[Opening INFORMATION PROVIDED section]

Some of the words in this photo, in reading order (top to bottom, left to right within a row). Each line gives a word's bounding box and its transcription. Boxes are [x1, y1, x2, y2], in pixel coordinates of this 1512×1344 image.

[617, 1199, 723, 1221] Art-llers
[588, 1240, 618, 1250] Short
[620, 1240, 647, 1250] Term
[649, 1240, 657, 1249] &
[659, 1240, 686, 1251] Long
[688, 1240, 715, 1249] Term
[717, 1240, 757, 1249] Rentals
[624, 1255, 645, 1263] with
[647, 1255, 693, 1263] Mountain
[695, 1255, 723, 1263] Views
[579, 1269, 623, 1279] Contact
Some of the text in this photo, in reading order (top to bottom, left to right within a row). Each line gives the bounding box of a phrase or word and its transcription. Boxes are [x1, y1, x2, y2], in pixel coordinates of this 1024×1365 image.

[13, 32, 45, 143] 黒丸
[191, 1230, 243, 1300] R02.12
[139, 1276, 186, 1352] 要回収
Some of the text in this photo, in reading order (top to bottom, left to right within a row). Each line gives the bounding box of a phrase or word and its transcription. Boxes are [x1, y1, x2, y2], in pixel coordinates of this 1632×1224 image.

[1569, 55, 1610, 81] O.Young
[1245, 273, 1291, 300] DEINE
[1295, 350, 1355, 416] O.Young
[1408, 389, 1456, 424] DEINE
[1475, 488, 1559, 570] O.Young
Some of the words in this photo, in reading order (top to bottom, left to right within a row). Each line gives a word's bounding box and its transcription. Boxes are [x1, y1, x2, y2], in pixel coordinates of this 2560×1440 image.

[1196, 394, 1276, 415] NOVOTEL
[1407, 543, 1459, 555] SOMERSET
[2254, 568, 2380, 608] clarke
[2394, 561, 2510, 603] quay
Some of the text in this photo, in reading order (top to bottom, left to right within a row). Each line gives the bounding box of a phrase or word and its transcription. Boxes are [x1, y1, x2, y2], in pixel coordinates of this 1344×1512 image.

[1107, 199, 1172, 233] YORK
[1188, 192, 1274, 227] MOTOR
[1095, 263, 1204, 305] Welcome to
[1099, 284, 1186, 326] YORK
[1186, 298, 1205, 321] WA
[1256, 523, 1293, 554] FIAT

[Closing INFORMATION PROVIDED section]

# DIRECTIONS FOR THIS TASK:
The records above must be retyped in full, exactly as written.

# EXERCISE SOLUTION:
Some of the words in this photo, in reading order (top to bottom, left to right within a row). Each line gives a word's bounding box and its transcription. Boxes are [x1, y1, x2, y2], in pixel coordinates of this 1512×1344 image.

[617, 1199, 723, 1221] Art-llers
[588, 1240, 618, 1250] Short
[620, 1240, 647, 1250] Term
[649, 1240, 657, 1249] &
[659, 1240, 686, 1251] Long
[688, 1240, 715, 1249] Term
[717, 1240, 757, 1249] Rentals
[624, 1255, 645, 1263] with
[647, 1255, 693, 1263] Mountain
[695, 1255, 723, 1263] Views
[579, 1269, 623, 1279] Contact
Some of the text in this photo, in reading order (top to bottom, left to right within a row). Each line gives the bounding box of a phrase or word and its transcription. Boxes are [x1, y1, x2, y2], in pixel coordinates of this 1024×1365 image.

[13, 32, 45, 143] 黒丸
[191, 1230, 243, 1300] R02.12
[139, 1276, 186, 1352] 要回収
Some of the text in this photo, in reading order (top to bottom, left to right within a row). Each line gives the bounding box of a phrase or word and its transcription. Boxes are [x1, y1, x2, y2], in pixel coordinates of this 1632×1224 image.

[1569, 55, 1610, 81] O.Young
[1245, 273, 1291, 300] DEINE
[1295, 350, 1355, 416] O.Young
[1408, 389, 1456, 424] DEINE
[1475, 488, 1559, 570] O.Young
Some of the words in this photo, in reading order (top to bottom, left to right within a row). Each line gives a word's bounding box and its transcription. Boxes are [x1, y1, x2, y2], in pixel coordinates of this 2560×1440 image.

[1196, 394, 1276, 415] NOVOTEL
[1407, 543, 1459, 555] SOMERSET
[2254, 568, 2380, 608] clarke
[2394, 561, 2510, 603] quay
Some of the text in this photo, in reading order (top to bottom, left to right within a row). Each line gives the bounding box of a phrase or word and its transcription. Boxes are [x1, y1, x2, y2], in pixel coordinates of this 1344×1512 image.

[1107, 199, 1172, 233] YORK
[1188, 192, 1274, 227] MOTOR
[1095, 263, 1204, 305] Welcome to
[1099, 284, 1186, 326] YORK
[1186, 298, 1205, 321] WA
[1256, 523, 1293, 554] FIAT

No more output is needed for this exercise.